Attualmente la rete mobile Vodafone ha smesso di funzionare molte zone d’Italia. Tutti i soggetti possessori di una scheda di Vodafone questa mattina si sono svegliati verificando che molti servizi erano non funzionanti. Il blackout è è totale, sia per quanto riguarda le chiamate che la linea Internet.

Il down della rete stato avvertito specialmente nelle zone del Nord Italia, specialmente in Piemonte, Liguria e Val d’Aosta.

Ovviamente la Vodafone ha spedito subito i suoi tecnici sul luogo cercare di riflessione prima possibile questo disservizio.
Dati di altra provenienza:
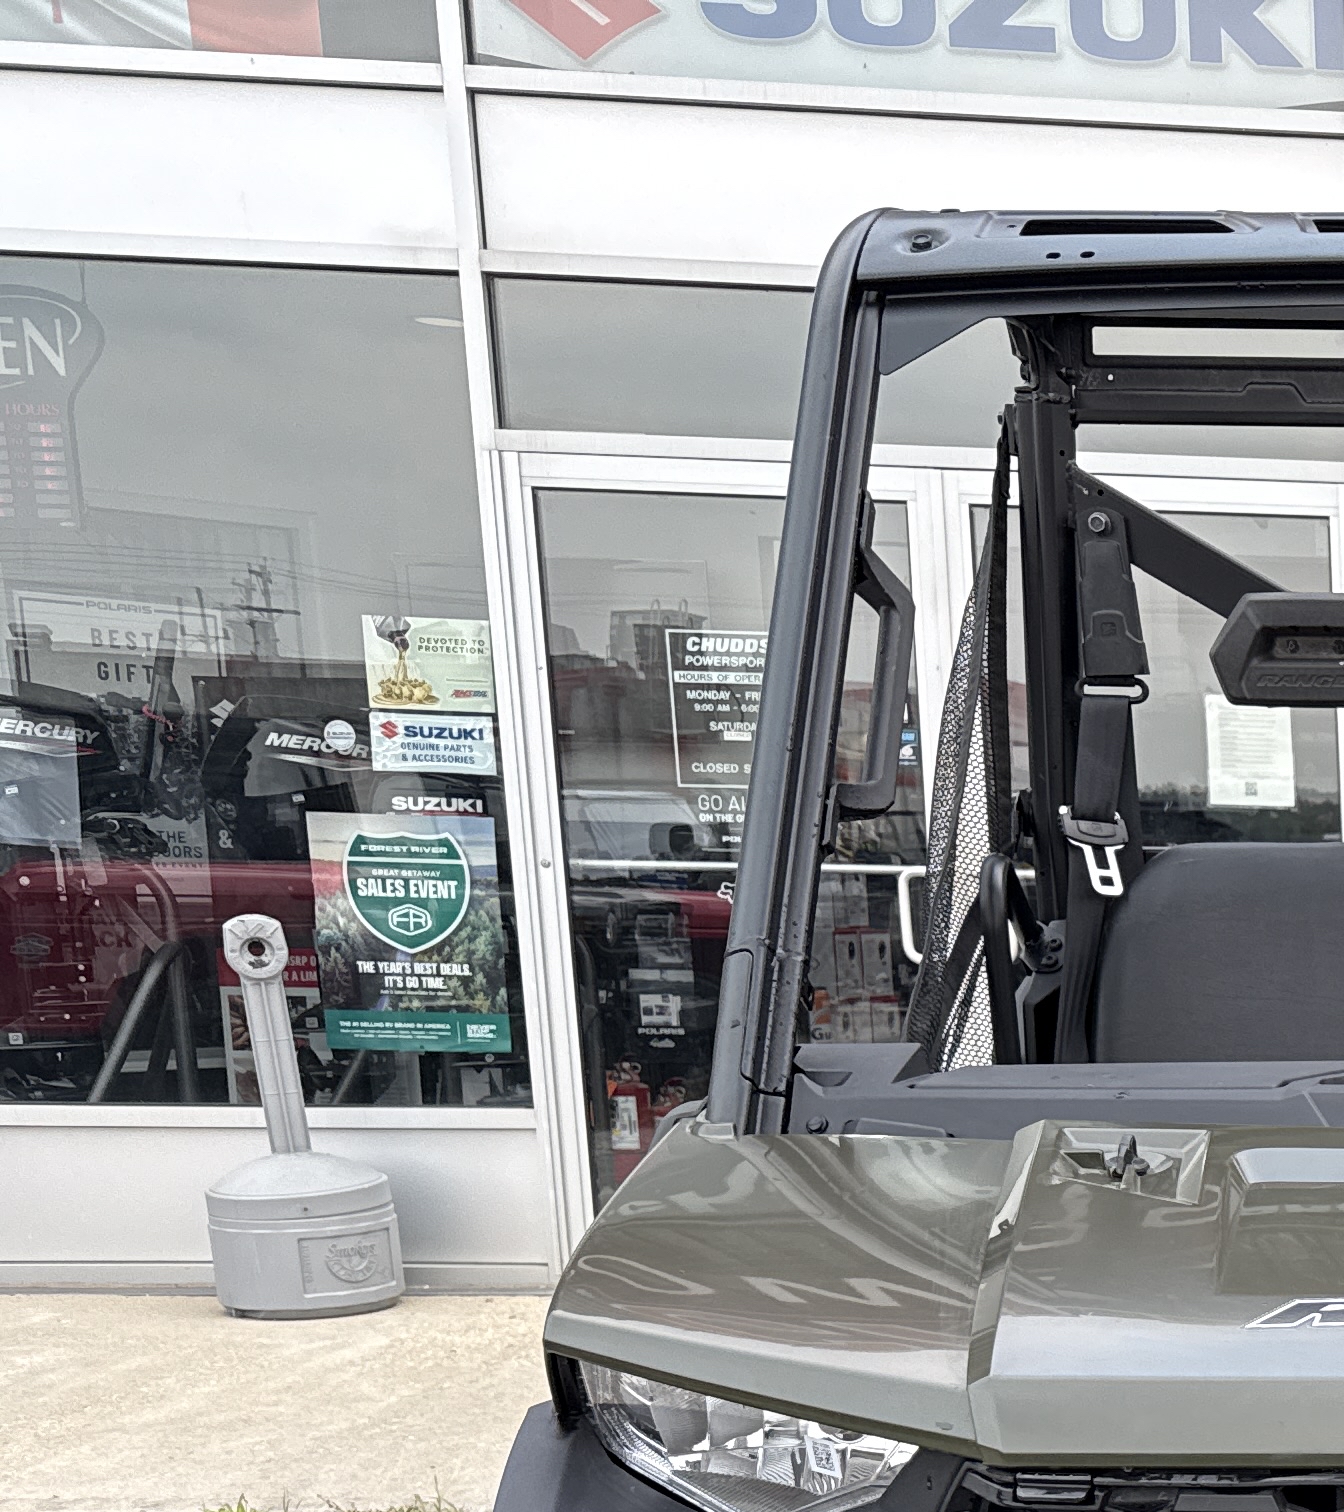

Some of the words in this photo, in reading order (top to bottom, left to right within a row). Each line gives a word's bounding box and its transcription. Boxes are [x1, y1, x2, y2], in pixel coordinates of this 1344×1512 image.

Nelle ultime ore sono arrivate migliaia di chiamate ai centralini della Vodafone legata all’adozione del disservizio.

Per adesso ancora non sappiamo con certezza quando tutti i possessori di una scheda Sim Vodafone potrà ricominciare ad utilizzare tutti i servizi offerti dalla compagnia mobile.

In caso di Adsl non funzionante, l’utente ha sempre diritto al rimborso. In alcuni casi spetta anche il risarcimento del danno esistenziale. Vediamo quando

Ormai senza internet non si può fare nulla. Ciascuno di noi trascorre gran parte della propria vita on line. E ciò non solo per essere informati su tutto o – come spesso avviene – per socializzare con amici lontani e vicini. Internet è diventato uno strumento vitale soprattutto per lavorare. Avere una connessione a internet lenta o che non funziona come dovrebbe è fonte di disagi seri e di condizionamenti talvolta insopportabili. E se ciò è vero per le utenze domestiche, figuriamoci quali possano essere i danni per le utenze delle aziende nel caso in cui l’adsl dovesse smettere di funzionare. Ebbene, in caso di Adsl non funzionante o di connessione lenta è sempre possibile chiedere un rimborso. Ma non è tutto: in caso di disservizio, oltre alla compensazione patrimoniale, scatta anche il danno esistenziale.  Di tanto parleremo in questo articolo. Vediamo, dunque, come richiedere il rimborso per l’Adsl non funzionante, a cosa si ha diritto se la connessione a internet non funziona o è troppo lenta e quando scatta il danno esistenziale. Su tale ultimo aspetto, infatti, è stata di recente emessa un’interessantissima sentenza. Procediamo con ordine.